▶ [Task to complete]: In the listing that follows, give every line again exactly and omit the pictures.

---------- Records provided ----------

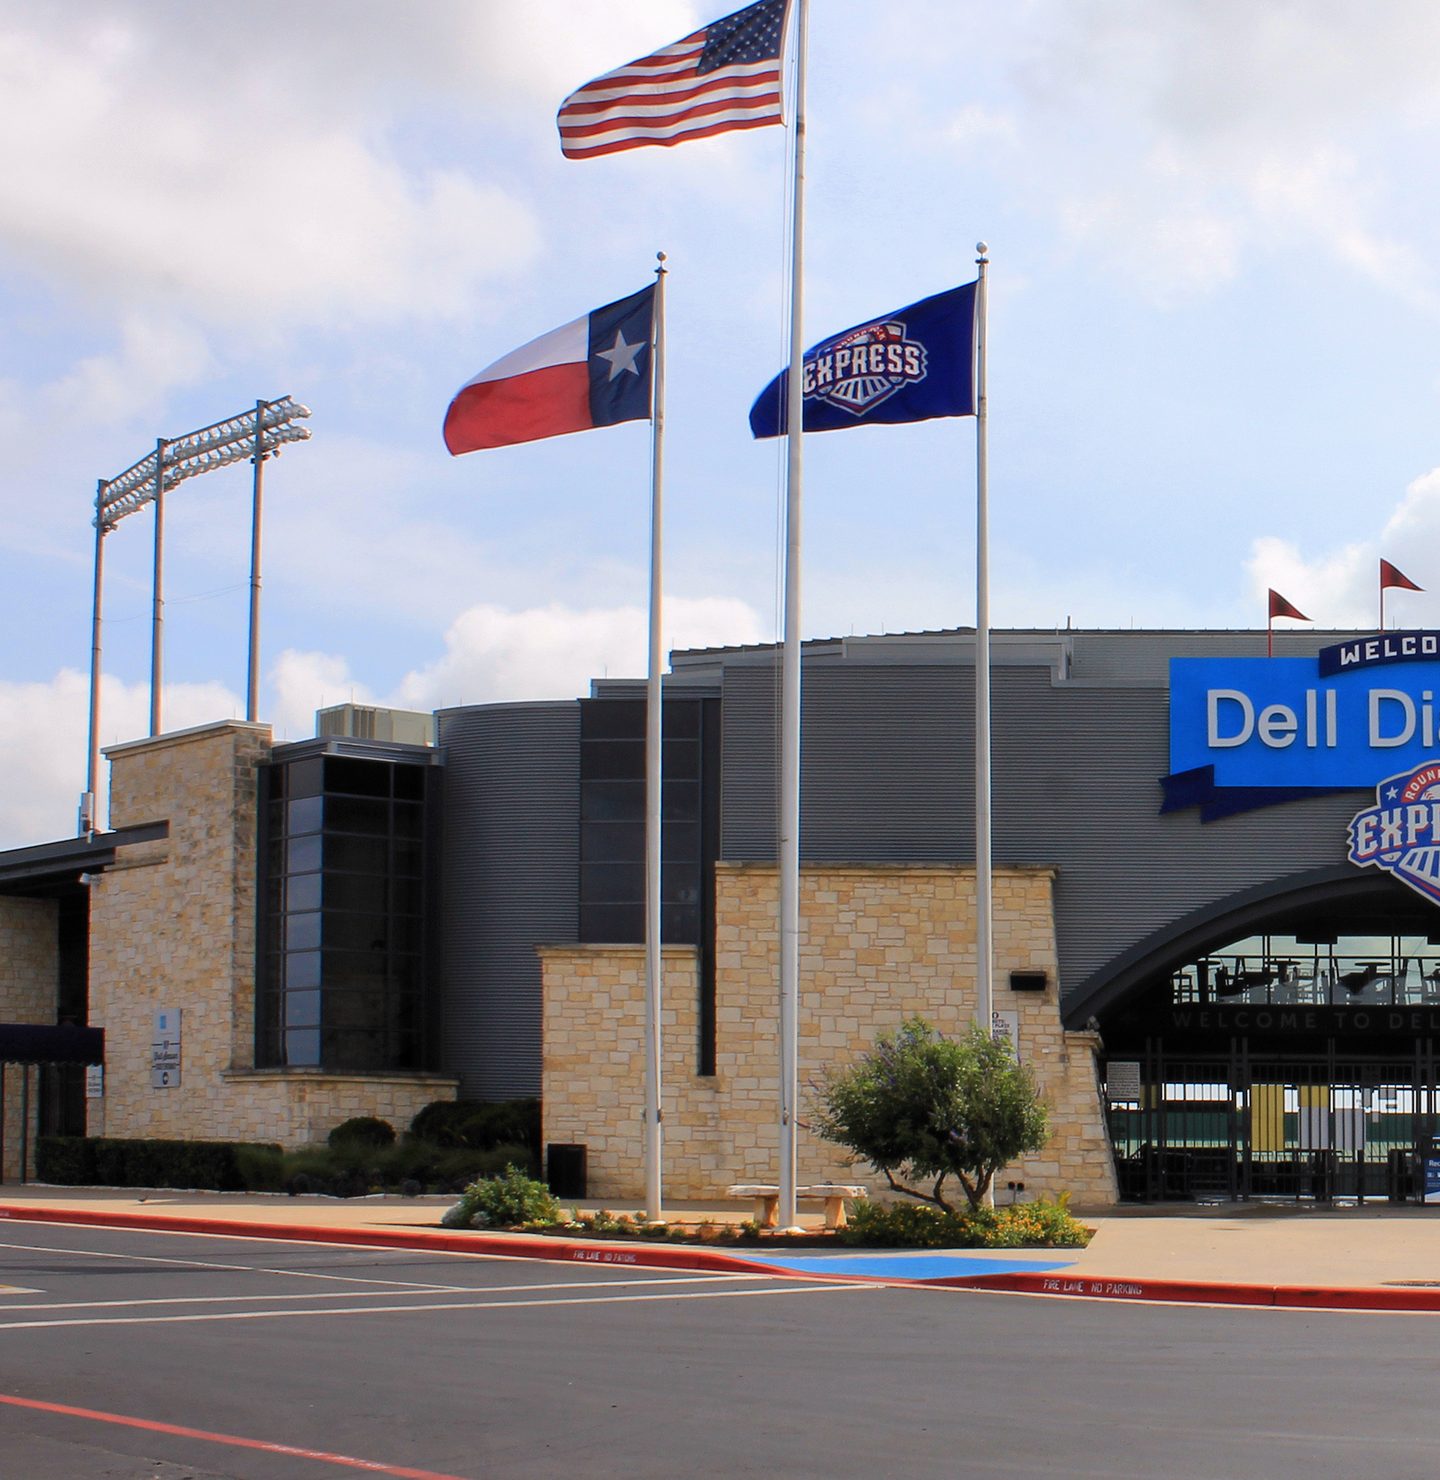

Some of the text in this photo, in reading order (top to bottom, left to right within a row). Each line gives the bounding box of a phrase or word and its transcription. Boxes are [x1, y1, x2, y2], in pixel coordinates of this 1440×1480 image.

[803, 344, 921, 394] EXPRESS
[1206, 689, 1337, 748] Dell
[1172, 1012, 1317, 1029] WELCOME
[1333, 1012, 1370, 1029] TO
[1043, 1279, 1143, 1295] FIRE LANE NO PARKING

----------

▶ [Output for this exercise]:
Some of the text in this photo, in reading order (top to bottom, left to right within a row). Each line gives the bounding box of a phrase or word and its transcription. Boxes are [x1, y1, x2, y2], in pixel coordinates of this 1440×1480 image.

[803, 344, 921, 394] EXPRESS
[1206, 689, 1337, 748] Dell
[1172, 1012, 1317, 1029] WELCOME
[1333, 1012, 1370, 1029] TO
[1043, 1279, 1143, 1295] FIRE LANE NO PARKING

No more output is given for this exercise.